» **Problem requirements**
Each entry needs to be reproduced verbatim.

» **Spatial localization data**
——

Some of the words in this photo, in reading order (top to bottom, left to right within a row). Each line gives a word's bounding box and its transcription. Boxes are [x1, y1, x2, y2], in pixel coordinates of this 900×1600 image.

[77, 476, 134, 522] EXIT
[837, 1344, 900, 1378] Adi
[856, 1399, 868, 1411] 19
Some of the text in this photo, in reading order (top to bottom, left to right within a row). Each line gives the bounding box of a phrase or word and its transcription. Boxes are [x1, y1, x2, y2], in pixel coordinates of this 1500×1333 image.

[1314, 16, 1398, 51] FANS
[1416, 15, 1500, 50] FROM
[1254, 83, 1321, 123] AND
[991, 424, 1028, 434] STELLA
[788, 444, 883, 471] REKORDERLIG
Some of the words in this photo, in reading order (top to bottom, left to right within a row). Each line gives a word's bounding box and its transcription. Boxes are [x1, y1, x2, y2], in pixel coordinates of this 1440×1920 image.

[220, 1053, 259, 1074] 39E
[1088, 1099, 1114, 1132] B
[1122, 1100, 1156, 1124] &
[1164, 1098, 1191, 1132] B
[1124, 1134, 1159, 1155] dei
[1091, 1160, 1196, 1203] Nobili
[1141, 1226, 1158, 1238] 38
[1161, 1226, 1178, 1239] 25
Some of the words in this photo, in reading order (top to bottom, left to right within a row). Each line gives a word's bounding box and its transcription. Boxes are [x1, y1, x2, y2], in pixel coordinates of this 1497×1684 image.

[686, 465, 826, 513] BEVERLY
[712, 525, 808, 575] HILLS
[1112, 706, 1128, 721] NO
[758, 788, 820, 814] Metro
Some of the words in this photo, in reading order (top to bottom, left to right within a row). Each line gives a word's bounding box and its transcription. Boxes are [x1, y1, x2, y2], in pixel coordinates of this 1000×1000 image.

——

» **Answer space**
Some of the words in this photo, in reading order (top to bottom, left to right within a row). Each line gives a word's bounding box and its transcription. Boxes are [x1, y1, x2, y2], in pixel coordinates of this 900×1600 image.

[77, 476, 134, 522] EXIT
[837, 1344, 900, 1378] Adi
[856, 1399, 868, 1411] 19
Some of the text in this photo, in reading order (top to bottom, left to right within a row). Each line gives the bounding box of a phrase or word and its transcription. Boxes are [x1, y1, x2, y2], in pixel coordinates of this 1500×1333 image.

[1314, 16, 1398, 51] FANS
[1416, 15, 1500, 50] FROM
[1254, 83, 1321, 123] AND
[991, 424, 1028, 434] STELLA
[788, 444, 883, 471] REKORDERLIG
Some of the words in this photo, in reading order (top to bottom, left to right within a row). Each line gives a word's bounding box and its transcription. Boxes are [x1, y1, x2, y2], in pixel coordinates of this 1440×1920 image.

[220, 1053, 259, 1074] 39E
[1088, 1099, 1114, 1132] B
[1122, 1100, 1156, 1124] &
[1164, 1098, 1191, 1132] B
[1124, 1134, 1159, 1155] dei
[1091, 1160, 1196, 1203] Nobili
[1141, 1226, 1158, 1238] 38
[1161, 1226, 1178, 1239] 25
Some of the words in this photo, in reading order (top to bottom, left to right within a row). Each line gives a word's bounding box and its transcription. Boxes are [x1, y1, x2, y2], in pixel coordinates of this 1497×1684 image.

[686, 465, 826, 513] BEVERLY
[712, 525, 808, 575] HILLS
[1112, 706, 1128, 721] NO
[758, 788, 820, 814] Metro
Some of the words in this photo, in reading order (top to bottom, left to right within a row). Each line gives a word's bounding box and its transcription. Boxes are [x1, y1, x2, y2], in pixel coordinates of this 1000×1000 image.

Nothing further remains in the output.